When I am sent a food Diary the most important things I take into consideration the following
:
*Portion Sizes
*Balance of Macro-nutrients per meal
*Activity level for that day, type, length, intensity
*Adherence / Consistency
- Is the Food log 100% accurate including any cheats? This means you write down everything that passes you lips.
*Occurring weight loss, if this is your goal. It sounds to me as if dress size is your goal so I wouldn't worry too much about what the scales say. If you want weight/fat loss I would request a weigh in sent to me every Monday so we could track changes and adapt eating accordingly.
This is the feedback I would give:
Have a look and tell me what you think:
Mon 3rd
B - Bowl of cereal (What Cereal? How Much? What milk? How much? )
L - Cheese & celery sandwich on whole meal bread (What cheese, how much, butter etc?)
D - Spaghetti carbonara (no cream, small amount of spaghetti)
(30 lengths swimming) (What pace ? how hard did you find it on a scale of 1-10?)
Tue 4th
B - Bowl of cereal (what type, how much, milk, what type? You get the picture)

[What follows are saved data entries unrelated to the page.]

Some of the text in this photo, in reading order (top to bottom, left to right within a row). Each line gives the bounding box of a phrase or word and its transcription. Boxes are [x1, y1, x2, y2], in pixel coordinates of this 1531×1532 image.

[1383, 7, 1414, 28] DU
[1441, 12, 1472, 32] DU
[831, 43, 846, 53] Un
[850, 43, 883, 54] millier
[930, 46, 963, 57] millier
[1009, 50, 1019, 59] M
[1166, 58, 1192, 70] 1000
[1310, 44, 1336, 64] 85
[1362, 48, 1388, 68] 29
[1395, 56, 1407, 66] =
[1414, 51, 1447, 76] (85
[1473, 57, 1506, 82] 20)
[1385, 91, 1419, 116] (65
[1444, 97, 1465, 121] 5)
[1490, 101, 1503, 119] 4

L - Humous & celery, onion bagel with cream cheese & a tomato (Low fat Hummus? I would replace the Bagel for Rye, Pumpernickel or Sourdough bread and the Cheese with a good lean protein source i.e. Chicken, Turkey, Tuna, ham to increase your protein intake.)
D - Homemade beef burgers (no bun) with salad
(What salad, more detail please)
Wed 5th
B - Bowl of cereal(what type, how much, milk, what type?)
L - Jacket potato with beans & tuna (no mayo no butter)(1/2 Jaket Potaoe, whole poatoe? What beans, how much etc)
D - Chicken breast with roasted veg
(1.5 hours gym)(Doing what, list your workout and intensity levels?)
Thurs 6th
B - Porridge & banana
L - Ham, chicken & swiss cheese baguette ( shop baught or home made. Full bagette or half, butter? Would have been better without the cheese)
D - Tuna steak & homemade ratatouille
(45 min spin class)(Excellent!)
Fri 7th
B - Porridge & banana
L - Leftover ratatouiile & 3 ryvita
D - Homemade vegetable soup (no bread)(No protein here all day, eggs, meat of fish is needed in at leat one meal of the day).
(i hr pilates class)
I guess what I?m saying is I would make the Client give me as many details as possible as portion size is a big problem when people are trying to lose weight even if they are eating healthily. It means more work for me but better results for the Client. I would reduce white Carbs to a minimum and cheese replacing it with any vegetables of your choice. If you east clean you will get results, slowly but surely.